Le 14 novembre 2024, la Commission a déclaré sa demande recevable puis elle a imposé un rétablissement personnel sans liquidation judiciaire.
La SA [16] informée des mesures le 20 janvier 2025 a saisi la Commission d’une contestation par courrier reçu le 27 janvier 2025, préconisant un moratoire.
Le dossier et le recours ont été reçus au greffe de ce tribunal le 05 février 2025.
Madame [M] [C] et ses créanciers connus ont été convoqués à l’audience du 10 avril 2025, par lettre recommandée avec avis de réception, en application de l’article R.733-16 du Code de la consommation.
Lors de cette audience, Madame [M] [C] a expliqué avoir toujours travaillé en intérim ; qu’elle a un BAC secrétariat ; qu’au moment du dépôt du dossier, elle n’avait plus aucune ressource car avait travaillé moins de 60 jours pour son dernier employeur ; qu’elle avait préalablement occupé un poste moyennant 1.400€ pendant cinq ans dans une entreprise qui l’a licenciée pour inaptitude physique ; qu’elle vit seule. Elle a produit un document témoignant d’une dette supplémentaire auprès de la [11] de 1.020,81€ au titre d’un indu de prime d’activité. Elle a précisé avoir déposé un dossier car ne parvenait plus à finir le mois et que les prêts étaient destinés à se meubler après une séparation.
Usant de la faculté ouverte par les dispositions de l’article R.713-4 du Code de la consommation permettant de comparaître par écrit, par courrier réceptionné avant l’audience, la SA [16] a confirmé les termes de son recours faisant valoir la perception de ressources par la débitrice, un retour à l’emploi demeurant envisageable. Elle a indiqué des créances correspondant à un découvert bancaire de 300€ outre un regroupement des crédits de 6.243,47€.

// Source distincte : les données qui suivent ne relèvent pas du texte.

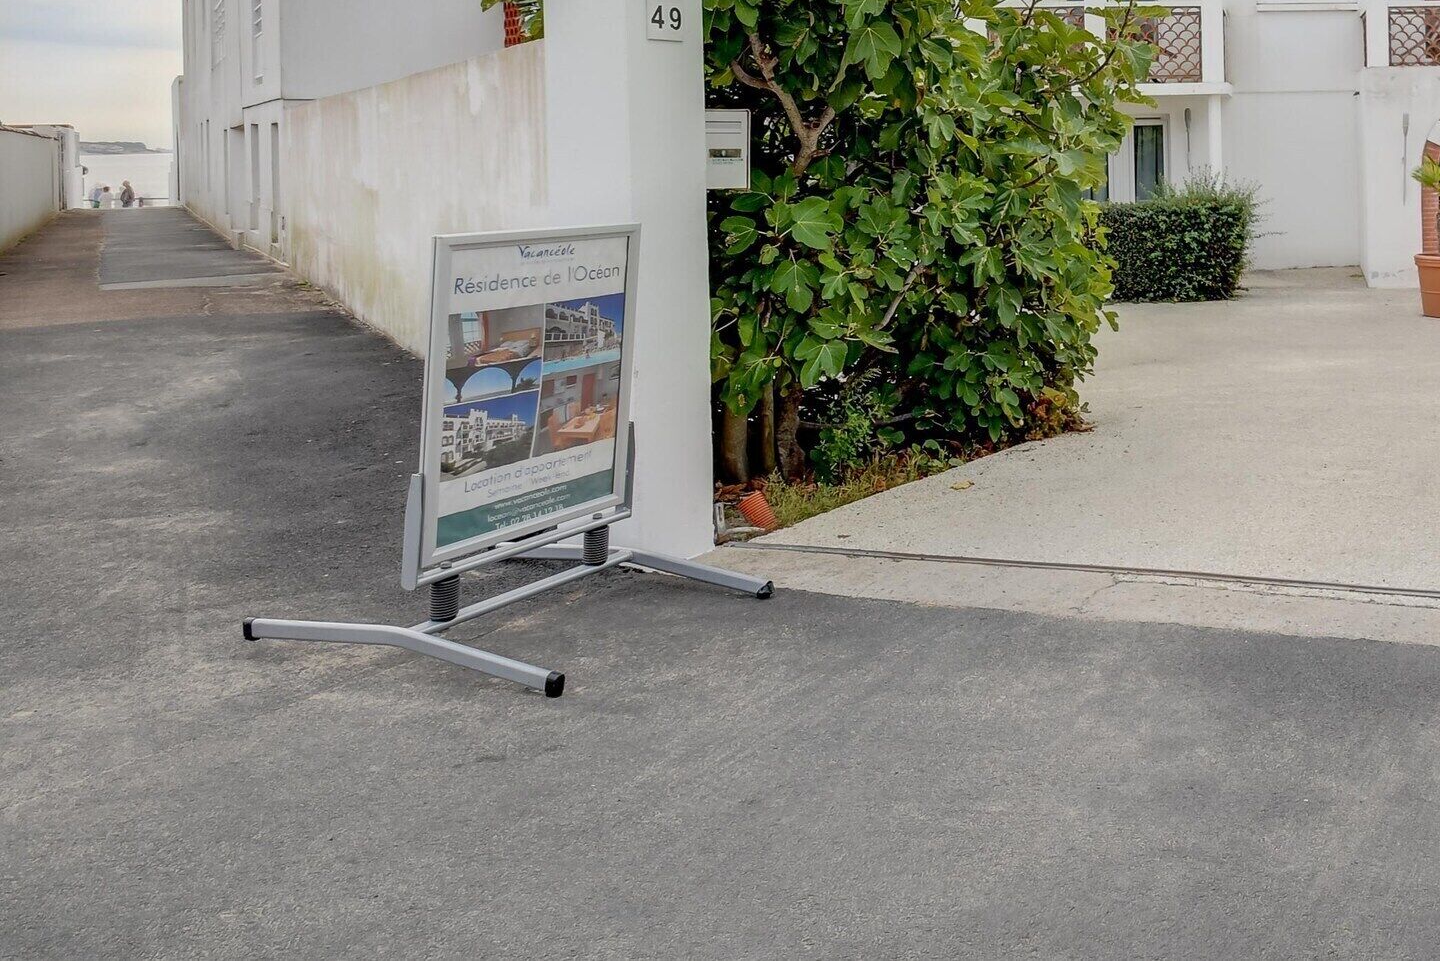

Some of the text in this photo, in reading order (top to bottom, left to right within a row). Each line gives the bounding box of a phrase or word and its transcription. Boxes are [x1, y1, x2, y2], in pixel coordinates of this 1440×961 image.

De même, la société [27] mandatée par [17] a fait part de son absence à l’audience tout en indiquant qu’un rééchelonnement des dettes ne permet pas le maintien des conditions d’assurance éventuellement souscrites. Le [10] a fait valoir une dette de 989,11€ et enfin la [11] a informé le Tribunal de son absence à l’audience outre de l’absence de créances.
Malgré signature de l’avis de réception de la lettre de convocations, les autres créanciers n’ont pas été représentés et n’ont pas formulé d’observations par écrit de sorte que le présent jugement, de premier ressort, sera réputé contradictoire.
L’affaire a été mise en délibéré au 23 mai 2025.
MOTIFS DE LA DÉCISION
Sur la forme
Conformément à l’article L.741-4 et R.741-1 du Code de la consommation, la décision de la commission de surendettement se prononçant sur la mesure de rétablissement personnel sans liquidation judiciaire peut faire l’objet d’un recours devant le juge des contentieux de la protection dans un délai de 30 jours à compter de sa notification, par déclaration remise ou adressée par lettre recommandée avec demande d’avis de réception au secrétariat de la commission.
En l’espèce, la mesure de rétablissement personnel sans liquidation judiciaire a été notifiée à la SA [16] le 20 janvier 2025 qui l’a contestée suivant courrier reçu le 27.
Le délai légal ayant été respecté, la SA [16] sera dite recevable en sa contestation.
Sur le bien-fondé de la situation du débiteur et la mesure de rétablissement personnel sans liquidation judiciaire ainsi que la contestation de la SA [16]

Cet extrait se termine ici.